As the domestic partnership movement spread, businesses, cities, and states took note: Experience showed that recognizing gay couples cost very little and had the practical benefit of keeping gay employees and constituents happy. Scores of Fortune 500 companies, dozens of cities, and a handful of states now have some kind of domestic partnership policy covering same-sex couples.

This experience informed the Vermont Supreme Court’s stunning decision that the state must treat gay unions as equivalent to marriages. If gay couples had been given some of the benefits of marriage and no harm had resulted, why not take the next step of granting all of those benefits, even if we don’t call it "marriage"? It was the next incremental step.

What have we learned in the past year as a consequence of that step?

One thing we have learned is that supporting same-sex unions is still a politically risky proposition for a politician. After the state supreme court ordered lawmakers to come up with marriage or its equivalent for gay couples, Vermont’s legislature grudgingly created civil unions. But several state legislators who voted for the civil unions bill–especially supportive Republicans who were seen as heretical by party primary voters–lost their seats. An anti-civil-unions campaign succeeded in taking the state house of representatives for the GOP in the November 2000 election.

The more important and longer-lasting lesson of the past year was summed up nicely by Vermont Governor Howard Dean in an interview with the New York Times. The sky has not fallen, he said, "and the institution of marriage has not collapsed."

Throughout the state, the passions of last year’s debate over civil unions have subsided. Newspapers aren’t venting editorials about it every day. The ubiquitous "Take Back Vermont" signs are slowly coming down. Legislative efforts to repeal or water down civil unions have stalled. People are even talking about how the law has led to a small increase in tourism since most civil unions registrants have come from other states.
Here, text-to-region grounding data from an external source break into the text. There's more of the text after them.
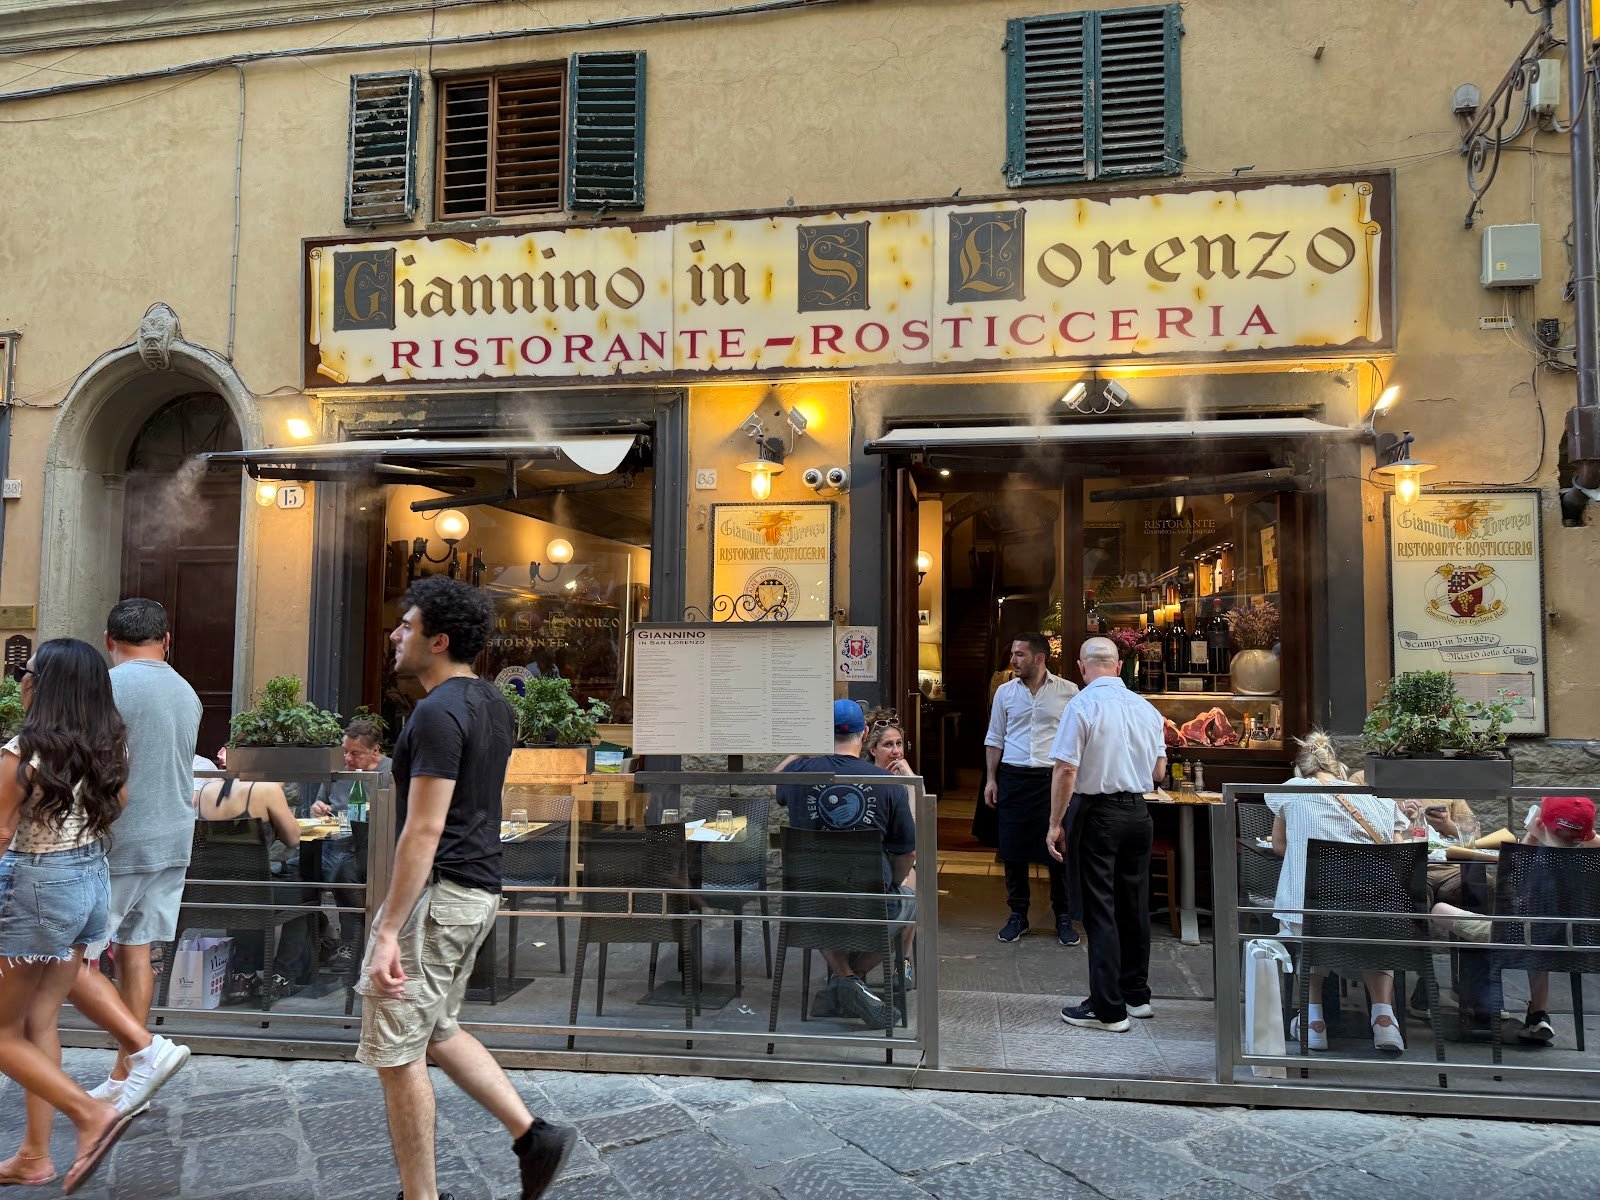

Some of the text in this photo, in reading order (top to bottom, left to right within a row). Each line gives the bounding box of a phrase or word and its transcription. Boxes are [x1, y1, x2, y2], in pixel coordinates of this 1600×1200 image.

[338, 211, 1357, 325] Giannino in S Lorenzo
[391, 328, 747, 369] RISTORANTE
[809, 304, 1279, 355] ROSTICCERIA
[1144, 519, 1216, 529] RISTORANTE
[1397, 508, 1457, 540] Giannino
[1397, 541, 1533, 558] RISTORANTE ROSTICCERIA
[486, 637, 566, 648] STORANTE
[638, 631, 706, 639] GIANNINO
[862, 796, 878, 825] CLUB
Civil unions are becoming routine. According to the Times, there have been 2,479 of them since July 1, 2000, the date the law took effect. (Only 502 of those have involved Vermont residents.) A website devoted to assisting gay couples preparing for weddings (gayweddings.com) reports a substantial increase in traffic.

With all these domestic partnerships and civil unions, we are seeing the normalization of gay life in America. That is, we are witnessing the process by which being gay in this country will no longer mean standing apart from the mainstream. That’s an unsavory prospect for both queer theorists and for religious conservatives who had hoped, for different reasons, to keep us out of the mainstream.

Let’s not be too exuberant quite yet, however. Domestic partnerships are not gay marriage. Not even civil unions are gay marriage since one state cannot, against the express statutory will of Congress (remember the Defense of Marriage Act?), confer the federal benefits on them that are available to opposite-sex spouses.

But what domestic partnerships and civil unions and their cognates do is this: They give Americans something to call gay relationships other than "perversion." They show people, slowly and surely, there is no harm in formal recognition of those relationships, and, in fact, there is some benefit in it for everyone.

After seeing one employer after another, and then one municipality after another, and then one state after another, survive the loss of a state-sponsored heterosexual monopoly on love, it just may be that one day the country will be ready for the real thing.